11月25日(金)東京・青山の月見ル君想フにて、柴山一幸の〈Fly Fly Fly Release Tour〉ファイナル公演が行われた。

前作から1年半ぶり、6作目となるアルバム『Fly Fly Fly』を引っ提げて名古屋、高知、広島、神戸で行われてきた今回のツアー。この日は名古屋公演に続きバンドセットで行われ、ゲストを迎えて全22曲。感情のすべてをむき出しにしたライヴは3時間近くに及んだ。

オープニングは3ピースバンドThe Uranus(八橋義幸、岩崎なおみ、西野真純)のライヴからスタート。月見ルには初めての出演とのことだが、八橋の歪んだギターを核として奏でられるオルタナティブ・サウンドは大きな月をバックにすることで幻想的な魅力を発揮して、これ以上ない会場とのマッチングの良さを感じさせた。

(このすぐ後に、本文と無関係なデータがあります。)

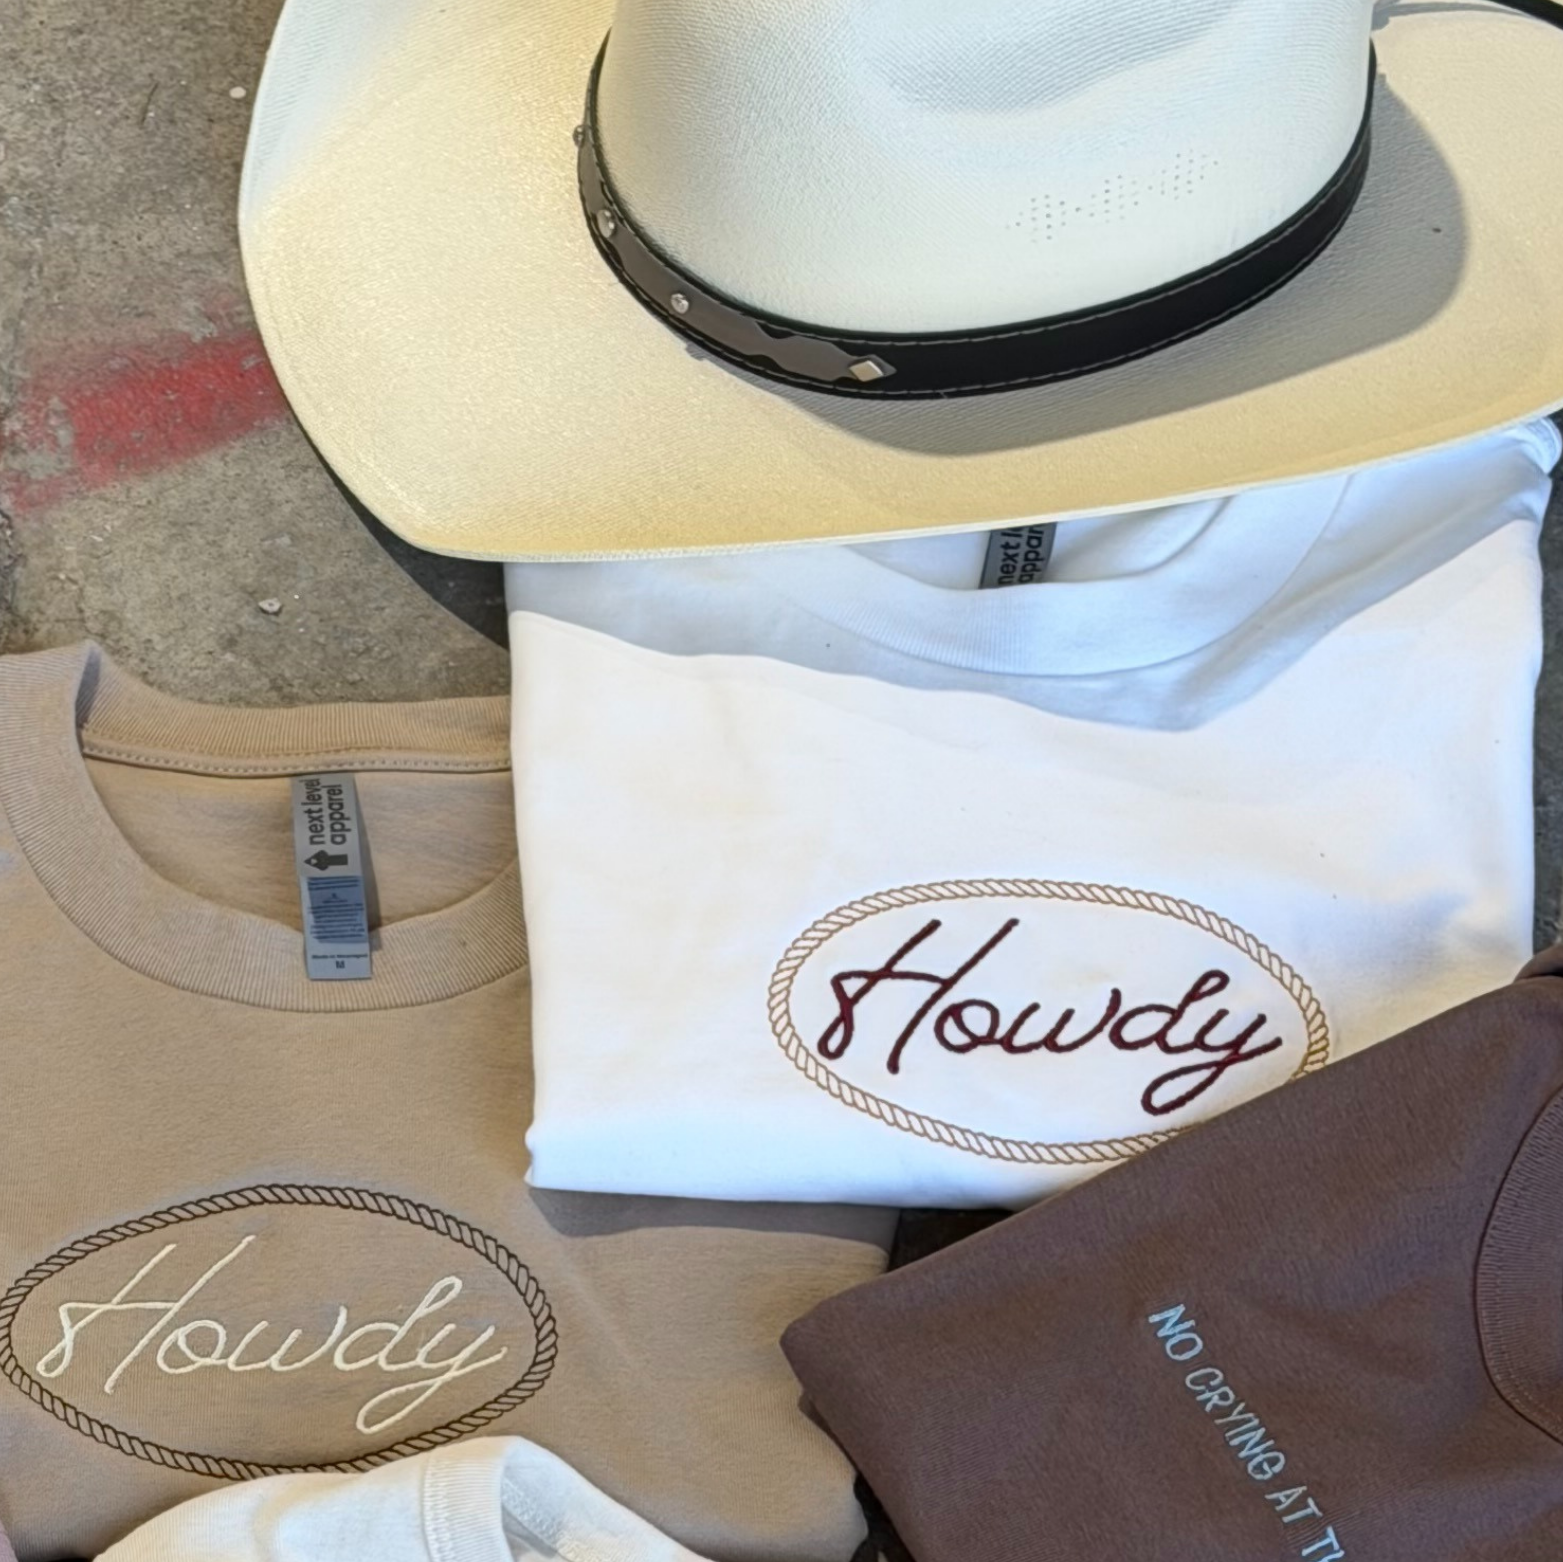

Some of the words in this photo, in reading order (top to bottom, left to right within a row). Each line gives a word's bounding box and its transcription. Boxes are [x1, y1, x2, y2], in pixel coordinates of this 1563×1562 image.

[998, 541, 1021, 585] next
[299, 778, 322, 806] level
[320, 784, 352, 846] apparel
[302, 807, 326, 846] next
[817, 917, 1284, 1116] Howdy
[36, 1234, 508, 1435] Howdy
[1148, 1303, 1204, 1361] NO
[1184, 1367, 1286, 1481] CRYING
[1264, 1485, 1323, 1524] AT

柴山一幸のライヴは、まず柴山と平田崇(Gt)と森芳樹(Per)の3人によるアンプラグドでアルバムの一曲目「Thank you for me」からゆったりと始まり、残りのバンドメンバー杉浦琢雄(Key) 、加藤ケンタ(Gt)、若山隆行(B)、矢部浩志(Dr)を呼び込んで「uSOTSUKI」から改めてバンドセットで始まった。総勢7人の大編成は、柴山のボーカルの抑揚に合わせて寄り添い、一部の隙も無く息がピッタリ。粘っこいファンク・チューン「見果てた男」、『Fly Fly Fly』からの軽快なポップソング「サーモスタット」等、柴山の輪郭のクッキリしたメロディ、ヴォーカルが真ん中にある分、楽器の押し引きが絶妙でとても気持ち良い。「俺の中の大ヒット曲!」と叫んでからギターがソリッドなイントロを鳴らすとアップテンポな「オマモリ」をハンドマイクで熱唱、ヘヴィな16ビートで踊らせた「ペットサウンド」へと続き観客も手拍子で盛り上がる。ネガティヴを芸にすれば、と言われたけど元々ただのネガティヴだから芸にならない、といった気取らないユーモアたっぷりのMCを挟みながらスルっと始まったメロウな「Welcome!Welcome!」、続く「butterfly」「一つの幸せ」の3曲は情感たっぷりに歌われ、ステージ後方から放たれる放射状の照明も相まって、ノスタルジックな気分にさせられた。

中盤では、ゲストにキンモクセイの伊藤俊吾を迎えてしばしのトークから、父親が亡くしたことからできたという曲「みんなのそら」を伊藤が歌う。歌い終わるとこの日が誕生日だという伊藤にバースデーケーキが贈られ、会場でハッピーバースデーを合唱する場面も。続いて柴山も同じく父親について歌った曲として「たとえばこんなレクイエム」を伊藤と共に披露した。アルバムの中でも一際印象に残るメロディが、伊藤のハーモニーが加わることでさらに輝きを増していた。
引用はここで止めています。